* DESCRIPTION OF THE TASK
What is needed is an exact transcription of every record, minus the pictures.

┄┄┄┄┄┄┄┄┄┄

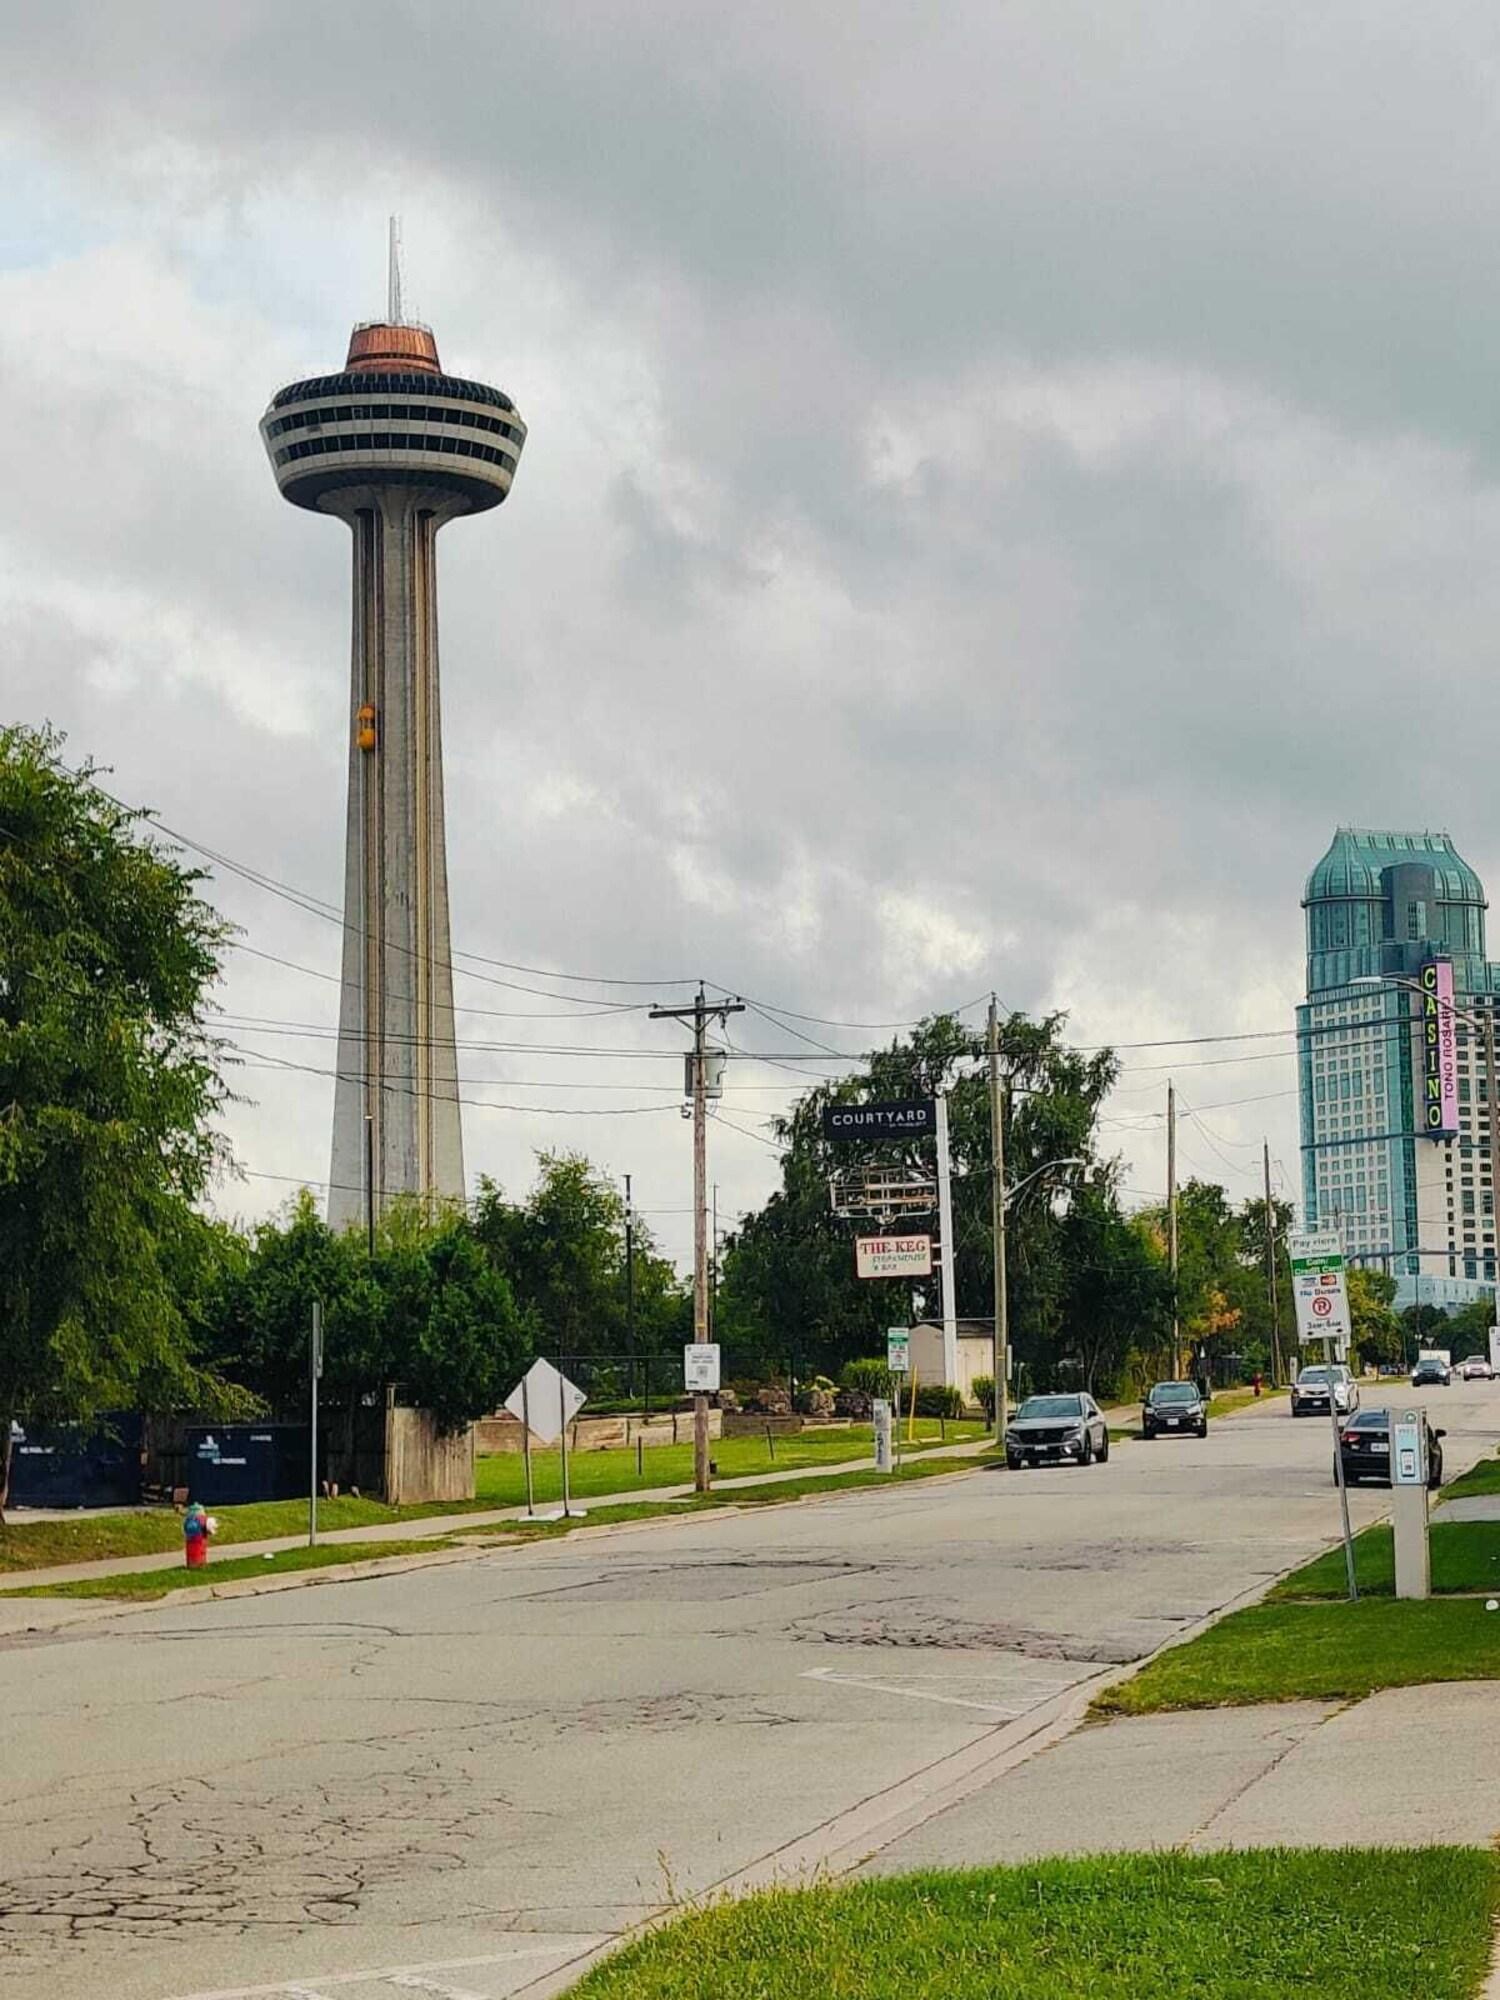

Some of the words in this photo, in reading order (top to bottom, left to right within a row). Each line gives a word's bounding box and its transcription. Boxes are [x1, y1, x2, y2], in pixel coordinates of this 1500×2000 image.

[1424, 967, 1441, 1126] CASINO
[832, 1110, 926, 1126] COURTYARD
[860, 1242, 891, 1255] THE
[895, 1240, 926, 1252] KEG
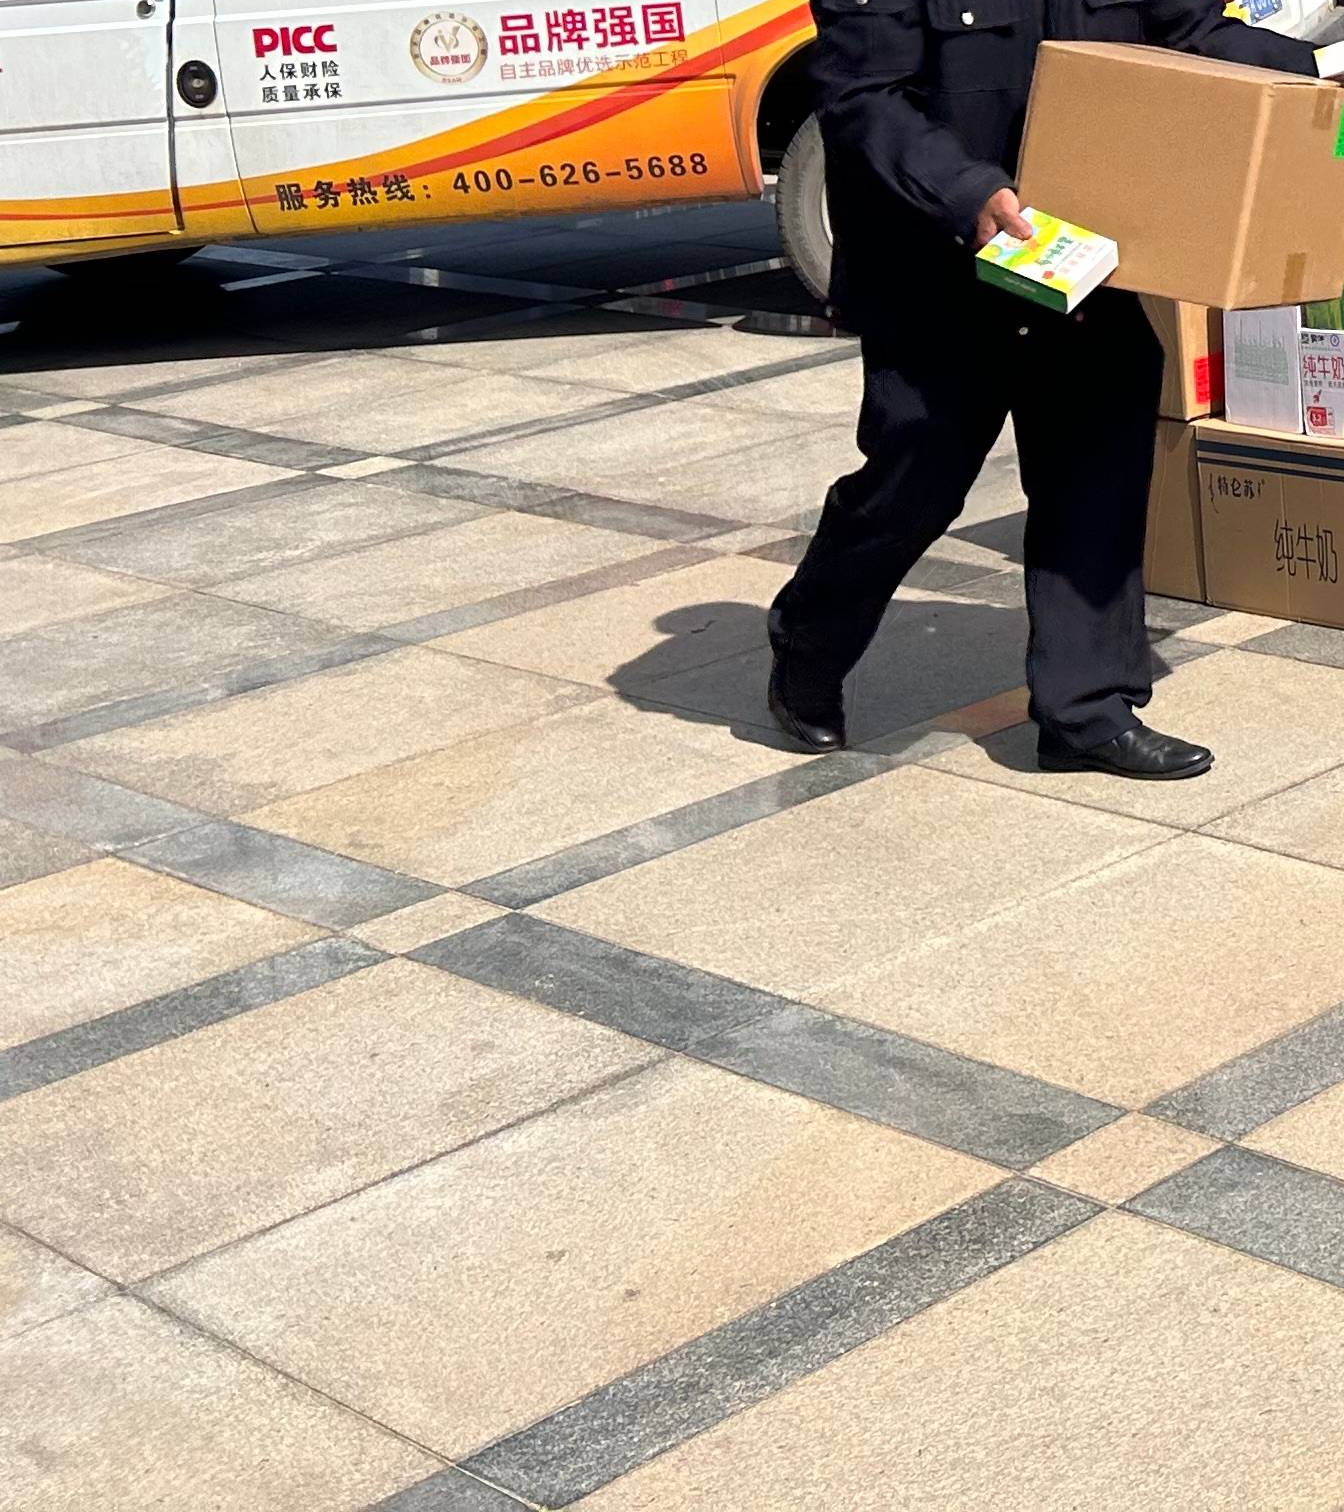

┄┄┄┄┄┄┄┄┄┄

* REPLY
Some of the words in this photo, in reading order (top to bottom, left to right within a row). Each line gives a word's bounding box and its transcription. Boxes are [x1, y1, x2, y2], in pixel coordinates of this 1500×2000 image.

[1424, 967, 1441, 1126] CASINO
[832, 1110, 926, 1126] COURTYARD
[860, 1242, 891, 1255] THE
[895, 1240, 926, 1252] KEG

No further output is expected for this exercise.